Assange has angered the United States and governments across the globe by publishing details of 250,000 secret U.S. documents. He was remanded in custody by a British court on Tuesday over allegations of sex crimes in Sweden.
In an opinion piece in Murdoch's News Corporation Australian newspaper, headlined "Don't shoot the messenger for revealing uncomfortable truths", Assange said WikiLeaks deserves protection, not threats and attacks.
"In 1958 a young Rupert Murdoch, then owner and editor of Adelaide's The News, wrote: 'In the race between secrecy and truth, it seems inevitable that truth will always win'," wrote Assange.
He cited the late Keith Murdoch, Rupert's father, who during World War One exposed the needless loss of Australian life at Gallipoli, where Australian troops under British command were slaughtered in a failed attack against the Turks.
"Keith Murdoch would not be silenced and his efforts led to the termination of the disastrous Gallipoli campaign," Assange wrote. "Nearly a century later, WikiLeaks is also fearlessly publishing facts that need to be made public."
Assange made no comment about his arrest in Britain after Sweden issued a European Arrest Warrant for sex crimes allegations. Assange, 39, denies the charges, and was remanded in jail until a fresh hearing on Dec. 14.
Assange, a 39-year-old Australian, refered to his upbringing in a small Australian country town, where people 'spoke their minds bluntly' and distrusted big government.

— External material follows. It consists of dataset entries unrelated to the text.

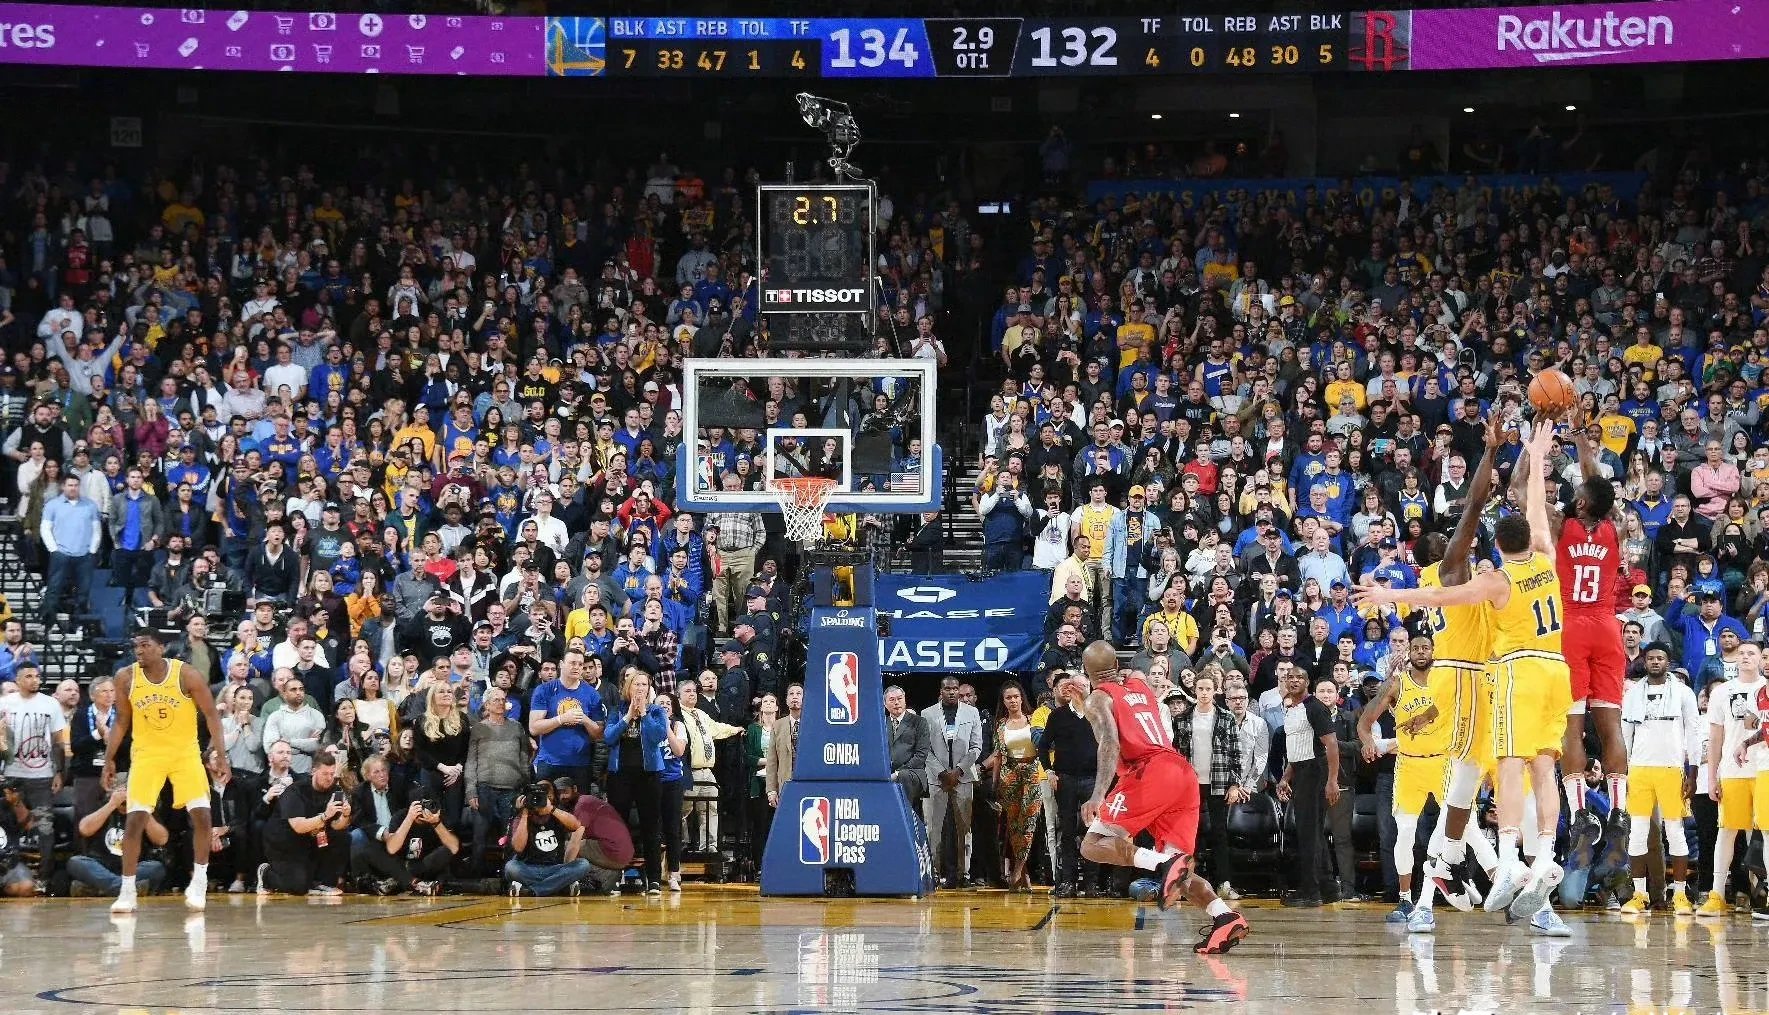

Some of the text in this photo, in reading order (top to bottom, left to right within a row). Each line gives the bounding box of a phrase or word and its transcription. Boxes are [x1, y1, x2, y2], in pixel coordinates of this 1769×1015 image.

[0, 23, 56, 48] res
[614, 21, 809, 35] BLK AST REB TOL TF
[1141, 14, 1342, 34] TF TOL REB AST BLK
[1497, 11, 1673, 51] Rakuten
[830, 28, 919, 68] 134
[952, 27, 994, 50] 2.9
[1030, 27, 1118, 67] 132
[623, 50, 806, 71] 7 33 47 1 4
[956, 53, 989, 69] OT1
[1145, 44, 1333, 67] 4 0 48 30 5
[793, 196, 837, 225] 2.7
[793, 289, 865, 303] TISSOT
[1568, 543, 1608, 561] HARDEN
[1572, 565, 1601, 602] 13
[820, 616, 865, 628] SPALDING
[875, 607, 1016, 619] HASE
[1532, 594, 1561, 637] 11
[878, 639, 967, 668] ASE
[159, 708, 168, 719] 5
[1134, 711, 1165, 746] 17
[823, 742, 860, 765] @NBA
[834, 798, 860, 820] NBA
[535, 834, 558, 847] TNT
[834, 819, 880, 846] League
[834, 841, 866, 864] Pass
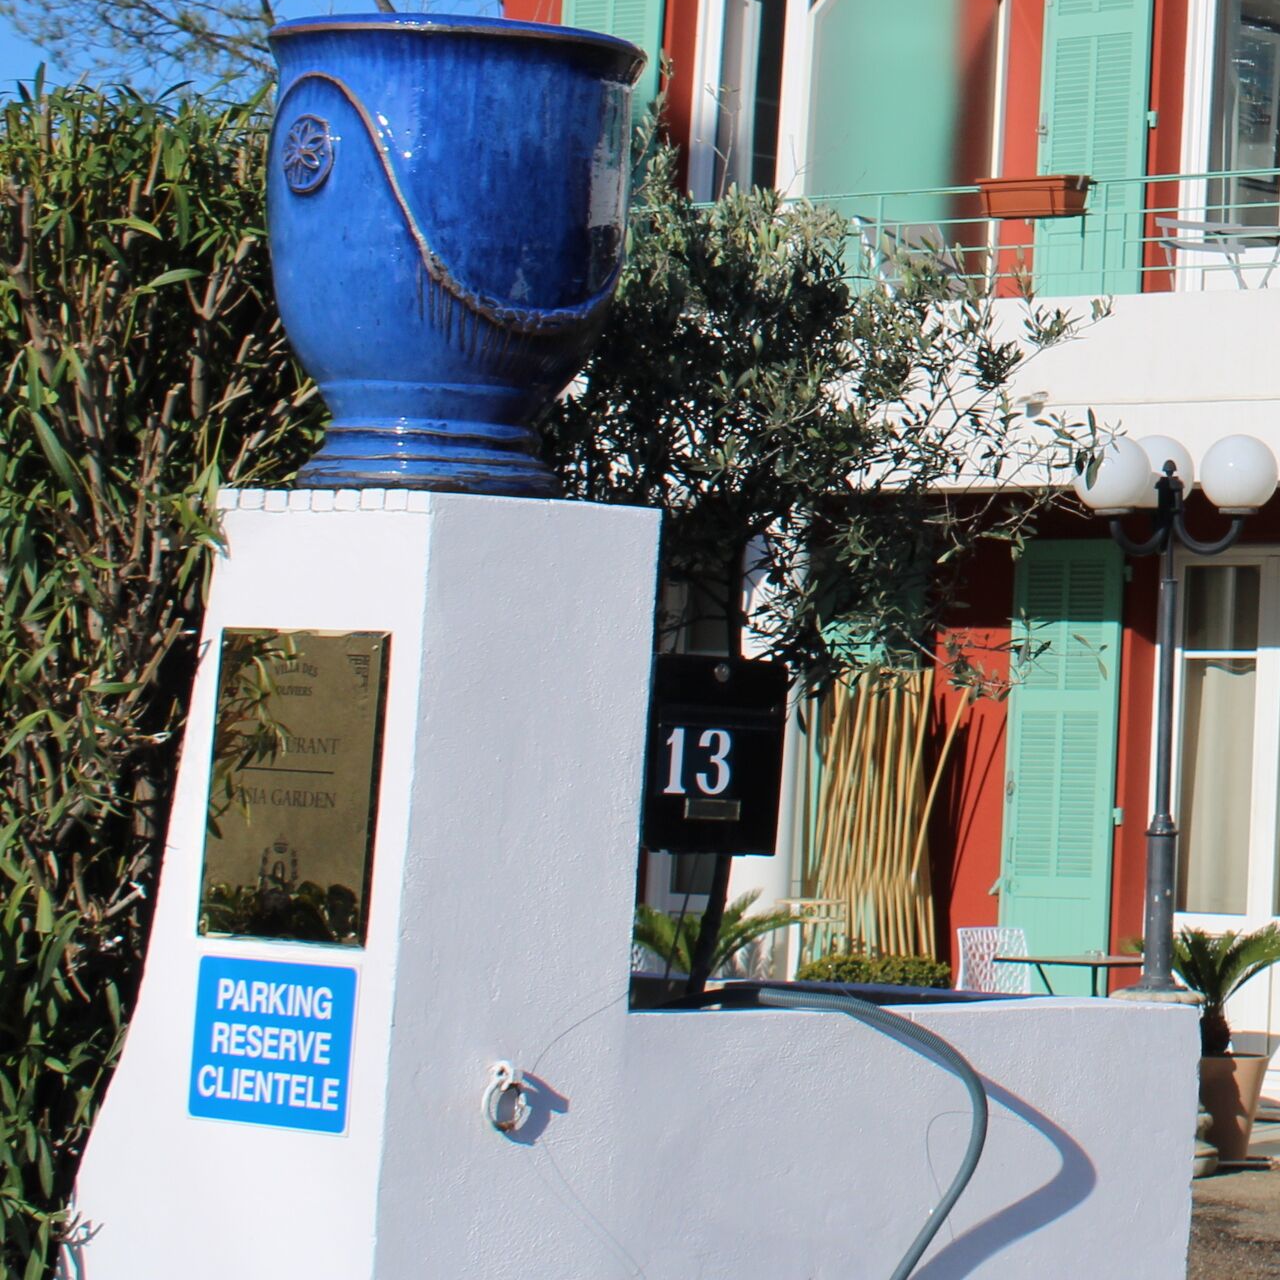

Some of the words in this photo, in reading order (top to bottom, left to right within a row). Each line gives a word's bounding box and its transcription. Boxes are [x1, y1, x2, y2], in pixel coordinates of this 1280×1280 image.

"WikiLeaks was created around these core values," he wrote.
He said WikiLeaks was set up as a way of using new technology to report the truth and said not one person had been harmed by any information published over the past four years.

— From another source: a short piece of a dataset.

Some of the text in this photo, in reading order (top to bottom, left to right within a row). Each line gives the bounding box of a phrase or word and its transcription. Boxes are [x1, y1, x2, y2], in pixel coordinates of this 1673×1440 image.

"Democratic societies need a strong media and WikiLeaks is part of that media. The media helps keep government honest. WikiLeaks has revealed some hard truths about the Iraq and Afghan wars, and broken stories about corporate corruption," he wrote.

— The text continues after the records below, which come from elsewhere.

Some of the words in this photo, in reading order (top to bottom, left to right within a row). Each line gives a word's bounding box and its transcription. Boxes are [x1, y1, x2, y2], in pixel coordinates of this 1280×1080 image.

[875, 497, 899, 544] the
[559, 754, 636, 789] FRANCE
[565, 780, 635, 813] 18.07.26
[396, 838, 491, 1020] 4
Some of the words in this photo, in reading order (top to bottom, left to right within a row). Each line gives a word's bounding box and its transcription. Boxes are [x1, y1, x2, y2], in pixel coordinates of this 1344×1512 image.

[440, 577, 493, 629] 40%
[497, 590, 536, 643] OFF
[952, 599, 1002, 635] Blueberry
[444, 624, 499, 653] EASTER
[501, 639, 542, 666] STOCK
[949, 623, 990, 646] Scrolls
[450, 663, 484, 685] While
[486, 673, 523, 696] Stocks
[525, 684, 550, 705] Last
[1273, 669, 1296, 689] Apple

Assange questioned why only WikiLeaks was under attack, when other media outlets like Britain's The Guardian, The New York Times and Germany's Der Spiegel had also published U.S. cables.
WikiLeaks, which has provoked fury in Washington with its publications, vowed it would continue making public details of the 250,000 secret U.S. documents it had obtained.
Some recent documents have covered Australia and on Monday Foreign Minister Kevin Rudd defended Australia's relations with China as "robust" after a WikiLeaks document showed he had advised Washington it might need to use force to contain Beijing.
Rudd said on Wednesday that Australia will provide Assange with consular help in relation to the court hearings in Britain over his possible extradition to Sweden.
"We have confirmed we will provide that, as we do for all Australian citizens," said Rudd, adding consular officials had attended Assange's appearance in court in London on Tuesday.
Assange's British lawyer, Mark Stephens, told reporters a renewed bail application would be made and that his client was "fine". He said many people believed the prosecution was politically motivated.
But a Swedish prosecutor was cited in newspaper Aftonbladet as saying the case was not connected with Assange's WikiLeaks work.
Rudd also said that the Swedish case was separate to the WikiLeaks investigation.